Fieldfisher is a law firm with extensive experience in supporting organisations, and their owners and stakeholders, as they seek genuine alternatives to traditional business structures. Our work has focused particularly on creating and sustaining employee ownership solutions, and our employee ownership specialists have been at the forefront of the drive to make employee ownership mainstream in the UK and elsewhere for over 30 years.

Cwmpas

Cwmpas is a development agency working for positive change, in Wales and across the UK. Our economy and society could – and should – work in the interests of people and the planet. Established in 1982 as the Wales Co-operative Centre, at Cwmpas we’ve made it our mission to change the way our economy and society works. We have been supporting employee ownership in Wales for over 25 years.
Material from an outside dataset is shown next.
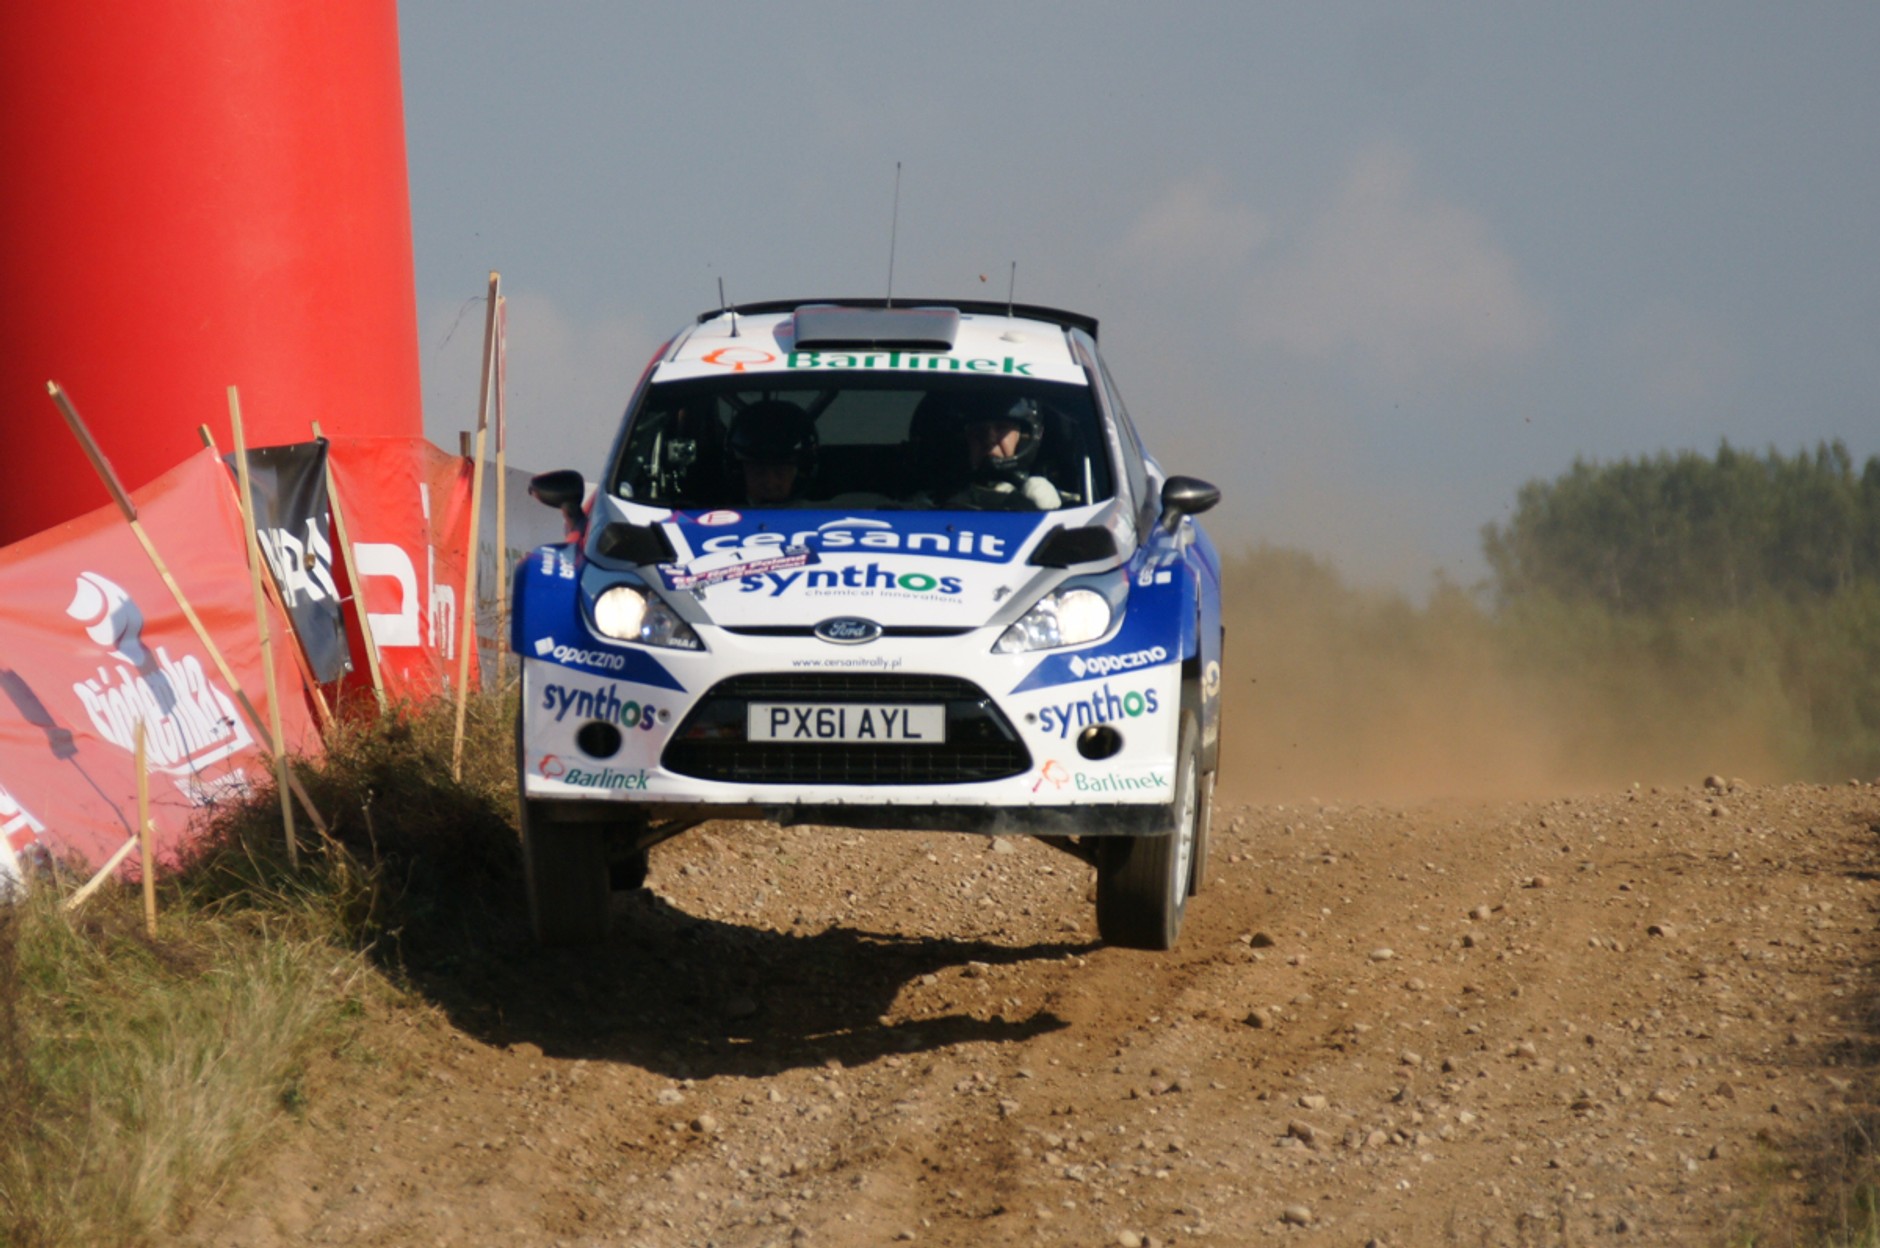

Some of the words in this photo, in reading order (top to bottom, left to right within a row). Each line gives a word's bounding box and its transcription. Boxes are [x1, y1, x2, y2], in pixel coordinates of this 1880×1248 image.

This article is authored by Jennifer Martin with content and editing input from Mark Gearing and Branwen Ellis. Jennifer is a former member of the Employee Ownership team at Fieldfisher and, until the end of 2023, was involved in advising EOT-owned companies since the “employee ownership trust” was introduced in 2014. Mark Gearing is co-head of the Fieldfisher Employee Ownership Team and Branwen Ellis is a business consultant at Cwmpas, specialising in employee ownership.

Introduction

Since the introduction of "employee ownership trusts" (EOTs) to the UK in 2014, the employee ownership (EO) sector has seen exponential growth with many more company owners choosing to transfer their businesses into employee trust-ownership. There is an ever-increasing body of evidence which highlights the benefits that collective business ownership by employees can bring. For example, last Autumn Fieldfisher was proud to share the findings of a new report into the significant productivity benefits of employee and worker owned businesses (EOBs) in the UK "Exploring the potential of the Employee Ownership business model".  To date, this is the most in-depth study of its kind into the benefits of EO, in which independent researchers surveyed around 9% of the UK’s 1,650+ employee owned businesses (EOBs) and compared results to a control group of non-EOBs.

The report found that, amongst of things, EOBs:

  • return twice as much in bonuses and dividends to employees compared with non-EOBs;
  • were five times less likely to make people redundant in the last three years;
  • tend to pay higher minimum annual wage by roughly £2,900 and are over twice as likely to hold accreditation for fair pay;
  • provide more supported access to private healthcare, mental health resources and flexible working; and
  • invest on average 12% per annum (£38,000) more in on-the-job training and skills.

Further information and links to the report can be found on Fieldfisher's website. 

The ownership of EOBs generally can take different legal forms but the most common form of EO in the UK is ownership through an EOT. An EOT is a special type of trust which is established by a company (referred to as the settlor company) wanting to transition to employee-ownership. The EOT has a narrow class of beneficiaries who are the current employees of the settlor company (and, if relevant, its group); former employees and certain family members can only be beneficiaries of the EOT in specific circumstances.  The growing popularity of EOTs since they were introduced almost ten years ago is largely attributed to the two tax incentives associated with this type of employee trust. The first is a capital gains tax exemption on qualifying sales of shares to an EOT and the second is an income tax exemption for qualifying bonuses paid to employees of EOT-owned companies.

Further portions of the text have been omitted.